In kidney transplant patients with rATG induction therapy and CNI maintenance therapy, Tregs with the memory phenotype recover slowly after rATG induction therapy, as reported previously [7]. This recovery can be attributed to homeostatic proliferation in the presence of low-dose (rabbit) antigen that triggers the output of naive T cells by the thymus and conversion into memory (regulatory) T cells in the periphery. The naive and memory (regulatory) T cells will proliferate to refill the empty space. The latter phenomenon results not only in recovery of Tregs but may also lead to higher Treg numbers or FoxP3 expression compared to baseline. Indeed, in our patients the gene expression of FoxP3 was higher than in the non-rATG control group (Fig. 6).

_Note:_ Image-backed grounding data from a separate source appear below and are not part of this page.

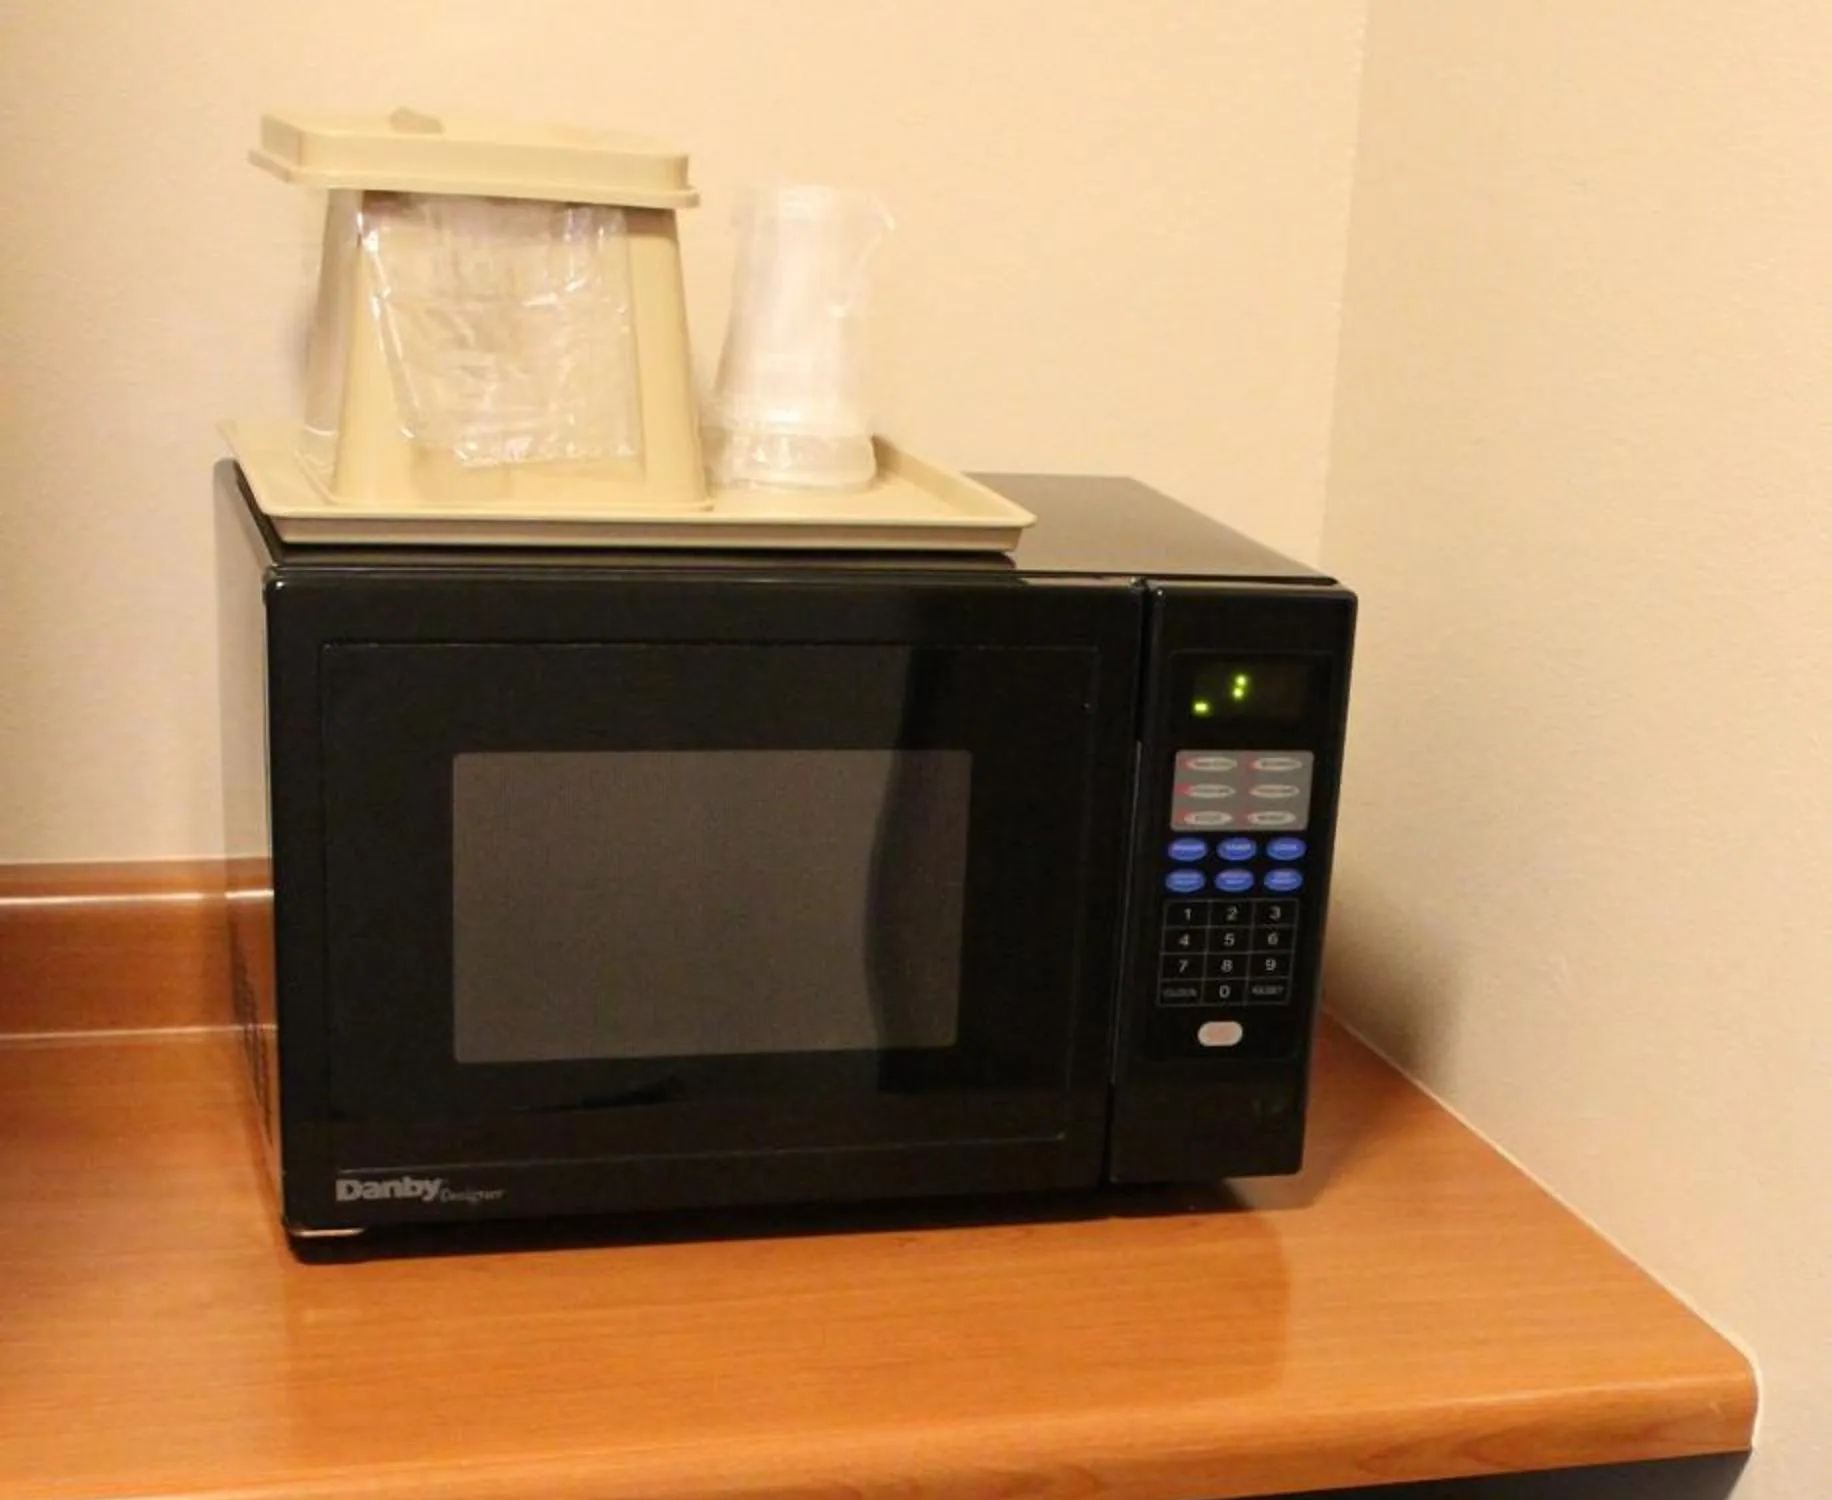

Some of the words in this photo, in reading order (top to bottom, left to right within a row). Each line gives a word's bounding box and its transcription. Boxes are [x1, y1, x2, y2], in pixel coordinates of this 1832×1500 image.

[1183, 907, 1192, 921] 1
[1226, 906, 1239, 921] 2
[1269, 905, 1282, 920] 3
[1179, 934, 1190, 946] 4
[1224, 932, 1235, 946] 5
[1267, 932, 1279, 945] 6
[1179, 959, 1189, 973] 7
[1221, 959, 1233, 973] 8
[1265, 958, 1277, 972] 9
[1218, 984, 1231, 999] 0
[335, 1175, 441, 1202] Danby
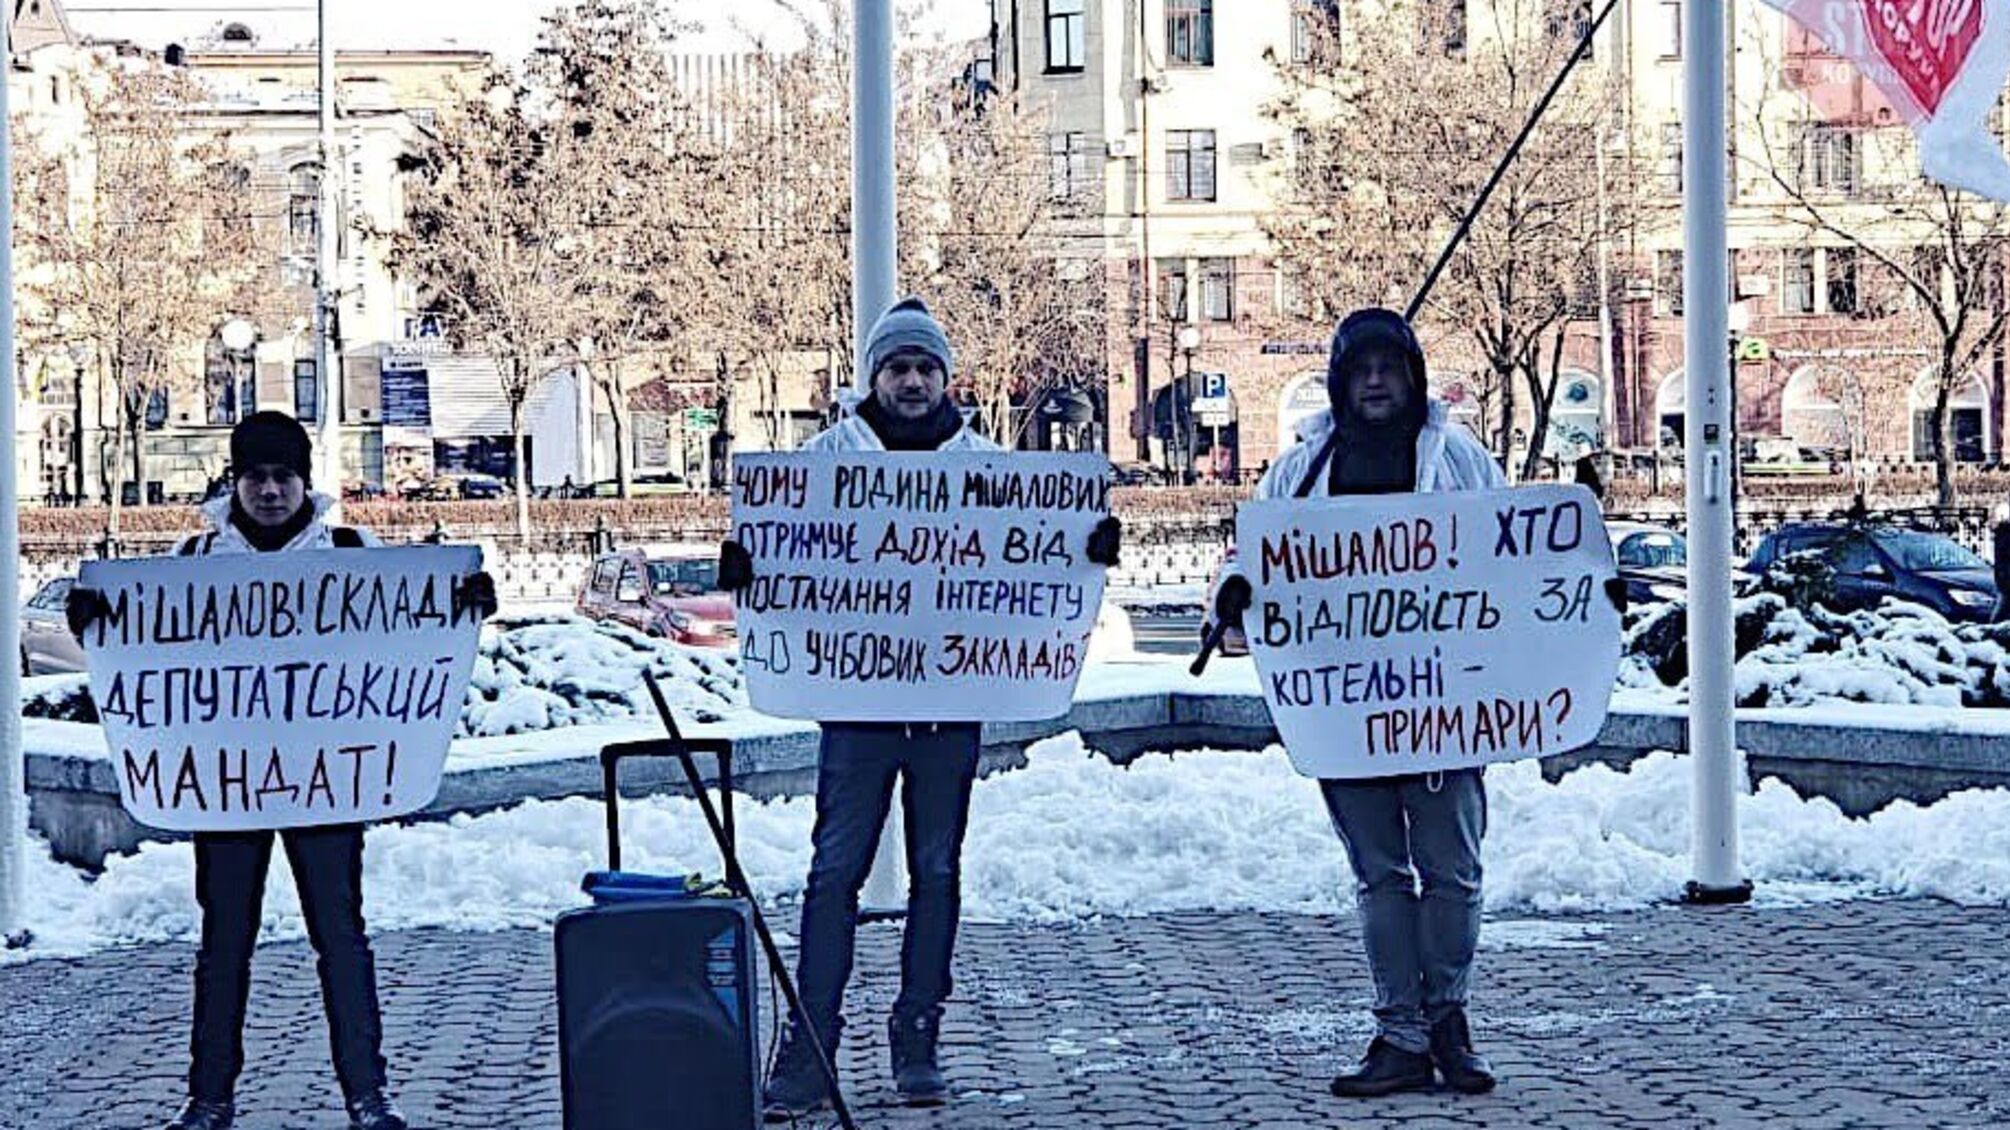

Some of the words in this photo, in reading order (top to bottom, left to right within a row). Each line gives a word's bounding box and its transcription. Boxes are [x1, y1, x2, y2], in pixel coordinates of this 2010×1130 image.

[1207, 374, 1221, 397] P
[736, 465, 808, 508] ЧОМУ
[833, 464, 950, 513] РОДИНА
[738, 519, 861, 564] ОТРИМУЄ
[874, 522, 987, 567] ДОХІД
[1002, 520, 1074, 567] ВІД
[1494, 500, 1583, 557] ХТО
[1533, 573, 1594, 624] ЗА
[743, 627, 791, 674] ДО
[806, 629, 928, 684] УЧБОВИХ
[101, 656, 455, 729] ДЕПУТАТСЬКИЙ
[1366, 686, 1572, 756] ПРИМАРИ?
[122, 740, 397, 812] МАНДАТ!

It should be taken into account that the FoxP3-induced expression in our model may represent a marker not only for Tregs, but also for T cell activation. Our rATG-induced CD25+ cells expressed FoxP3+ at a lower level (19–31%) than natural Tregs (85%). Furthermore, according to their mRNA-pattern they show a somewhat ‘activated T cell’ phenotype. These data emphasize that their phenotype does not fully resemble natural Tregs. However, the suppression assays show that rATG-induced CD25+ cells and natural Tregs have comparable regulatory activities. It is therefore essential to address whether the induced FoxP3+CD25+ T cells within the heterogeneous CD25+ T cell population or CD25+FoxP3neg cells exhibit suppressive activities. To date, it has not been possible to study the function of human FoxP3+ T cells because it is an intracellular marker. Thus, phenotypical analysis or mRNA expression analysis alone is not sufficient to classify cells into a particular T cell subset. It is essential to examine the function of T cells and combine these data with the phenotype analysis, as we have shown in the present study.

Taken together, in the present report we show that in the presence of immunosuppressants that inhibit IL-2 (tacrolimus) or IL-2 pathway inhibitors (anti-IL-2, anti IL-2Rα) indirectly it is still possible to induce Tregs by rATG that are identical phenotypically, functionally and at the gene expression level as Tregs that are induced by rATG in the absence of these immunosuppressants. Furthermore, it remains unclear whether natural or induced Tregs are more important in their contribution to donor-specific hyporesponsiveness after transplantation. More research needs to be conducted to characterize these rATG-induced T cells and to utilize fully their immunosuppressive properties to promote graft acceptance.